**EXERCISE**
All of the data is to be set down again without alteration.

**MATERIALS PROVIDED**
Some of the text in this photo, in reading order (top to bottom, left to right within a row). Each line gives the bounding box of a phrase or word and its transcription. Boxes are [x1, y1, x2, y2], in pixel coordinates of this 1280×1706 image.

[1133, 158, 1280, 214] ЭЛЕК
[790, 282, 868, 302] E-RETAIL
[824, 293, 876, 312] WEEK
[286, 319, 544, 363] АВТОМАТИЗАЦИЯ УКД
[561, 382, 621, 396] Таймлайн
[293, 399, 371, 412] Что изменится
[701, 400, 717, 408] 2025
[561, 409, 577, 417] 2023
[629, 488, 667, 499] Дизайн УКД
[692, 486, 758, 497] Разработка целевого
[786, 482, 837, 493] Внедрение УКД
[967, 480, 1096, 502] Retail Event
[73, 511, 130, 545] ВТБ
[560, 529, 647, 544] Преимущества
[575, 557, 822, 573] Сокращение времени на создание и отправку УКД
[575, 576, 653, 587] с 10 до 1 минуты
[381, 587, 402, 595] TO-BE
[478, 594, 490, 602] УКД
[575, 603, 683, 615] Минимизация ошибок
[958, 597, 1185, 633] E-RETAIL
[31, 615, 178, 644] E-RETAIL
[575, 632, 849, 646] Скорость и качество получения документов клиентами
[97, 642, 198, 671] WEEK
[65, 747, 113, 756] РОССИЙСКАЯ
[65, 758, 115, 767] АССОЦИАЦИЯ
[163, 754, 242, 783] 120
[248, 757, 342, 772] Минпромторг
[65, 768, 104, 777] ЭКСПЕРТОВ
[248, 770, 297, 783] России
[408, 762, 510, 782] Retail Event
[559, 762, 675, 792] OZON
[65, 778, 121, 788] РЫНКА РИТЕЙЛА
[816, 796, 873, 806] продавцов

**SOLVED PROBLEM**
Some of the text in this photo, in reading order (top to bottom, left to right within a row). Each line gives the bounding box of a phrase or word and its transcription. Boxes are [x1, y1, x2, y2], in pixel coordinates of this 1280×1706 image.

[1133, 158, 1280, 214] ЭЛЕК
[790, 282, 868, 302] E-RETAIL
[824, 293, 876, 312] WEEK
[286, 319, 544, 363] АВТОМАТИЗАЦИЯ УКД
[561, 382, 621, 396] Таймлайн
[293, 399, 371, 412] Что изменится
[701, 400, 717, 408] 2025
[561, 409, 577, 417] 2023
[629, 488, 667, 499] Дизайн УКД
[692, 486, 758, 497] Разработка целевого
[786, 482, 837, 493] Внедрение УКД
[967, 480, 1096, 502] Retail Event
[73, 511, 130, 545] ВТБ
[560, 529, 647, 544] Преимущества
[575, 557, 822, 573] Сокращение времени на создание и отправку УКД
[575, 576, 653, 587] с 10 до 1 минуты
[381, 587, 402, 595] TO-BE
[478, 594, 490, 602] УКД
[575, 603, 683, 615] Минимизация ошибок
[958, 597, 1185, 633] E-RETAIL
[31, 615, 178, 644] E-RETAIL
[575, 632, 849, 646] Скорость и качество получения документов клиентами
[97, 642, 198, 671] WEEK
[65, 747, 113, 756] РОССИЙСКАЯ
[65, 758, 115, 767] АССОЦИАЦИЯ
[163, 754, 242, 783] 120
[248, 757, 342, 772] Минпромторг
[65, 768, 104, 777] ЭКСПЕРТОВ
[248, 770, 297, 783] России
[408, 762, 510, 782] Retail Event
[559, 762, 675, 792] OZON
[65, 778, 121, 788] РЫНКА РИТЕЙЛА
[816, 796, 873, 806] продавцов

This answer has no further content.